23 Mayıs 2007 Çarşamba

türkiyenin en sansli kizlari: kardelenlerimiz

Onlar tam da masal kahramanı Sinderella gibiler. Rüyalarını gerçekleştirmiş bu sinderellaların gözlerindeki mutluluk parıltıları onların elinden tutanlar için de gurur kaynağı oldu.



Yoksul Anadolu kızları, İstanbul'un en gözde kolejlerinden birinde okuyacaklarını hayal bile edemezdi ama şimdi tam 26 kız çocuğu bu okuldalar.
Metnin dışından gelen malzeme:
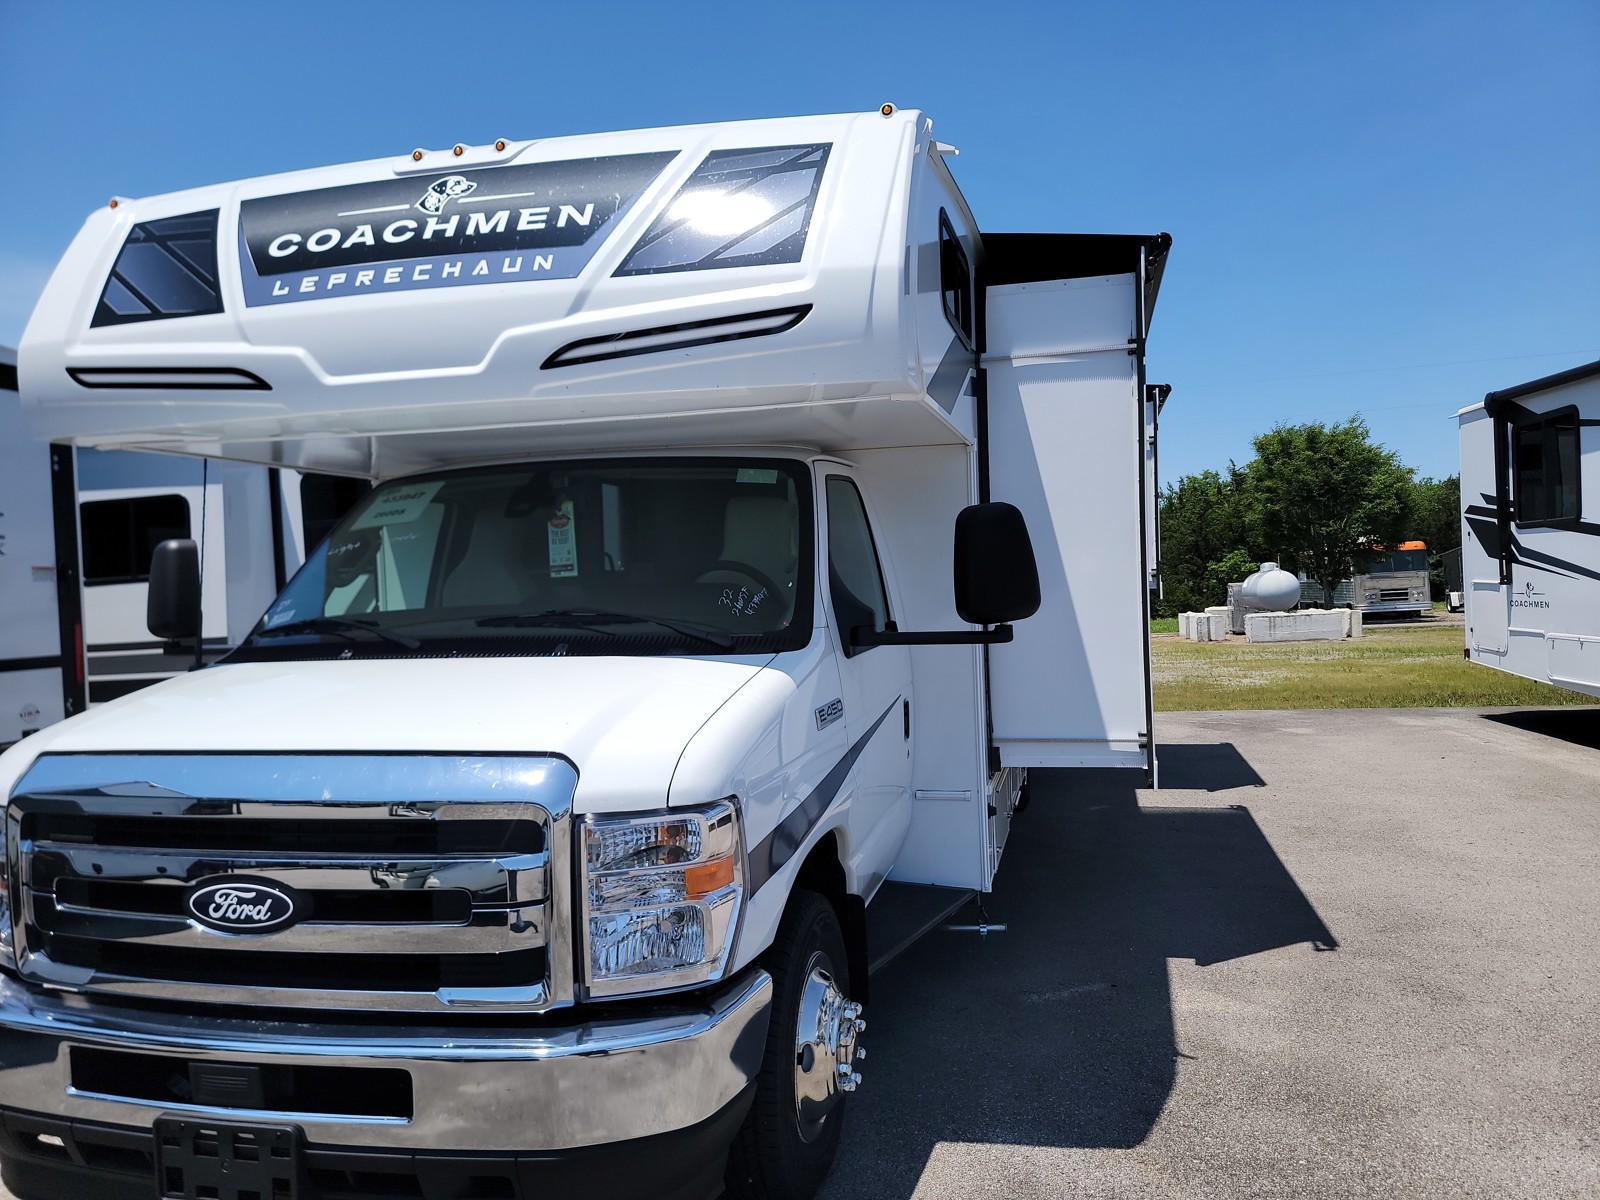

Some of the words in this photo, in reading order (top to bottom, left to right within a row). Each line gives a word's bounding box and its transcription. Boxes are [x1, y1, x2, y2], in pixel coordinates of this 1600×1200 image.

[268, 203, 595, 258] COACHMEN
[271, 254, 554, 296] LEPRECHAUN
[718, 588, 734, 607] 32
[1509, 599, 1550, 609] COACHMEN
[208, 889, 273, 921] Ford
TED'in onlara verdiği eğitim bursu sayesinde, önlerinde parlak bir geleceğe uzanan yolda yürümekteler şimdi..



Anadolu'nun bir çok yatılı okulunda da onlarca kız çocuğu, "Çağdaş Türkiye'nin Çağdaş Kızları" projesi kapsamanda okuyorlar.. Sımsıkı sarıldıkları kitapları, umutlarını büyüttükleri yatakhanelerinde şimdiden doktor, mühendis öğretmen olarak düşlüyorlar kendilerini..



Turkcell: 5 bini 100 bin'lere çıkartalım
Türkiye'nin köklü okullarından TED'de burslu okuyan 26 kız çocuğu, bu okulda eğitimlerinden neler öğrendiklerini, müzikteki, resimdeki yeteneklerini gururla sergilediler. Geçtiğimiz Cuma, TED 'in toplantı salonunda sahne ışıkları bu kez onların bu hünerlerini aydınlattı.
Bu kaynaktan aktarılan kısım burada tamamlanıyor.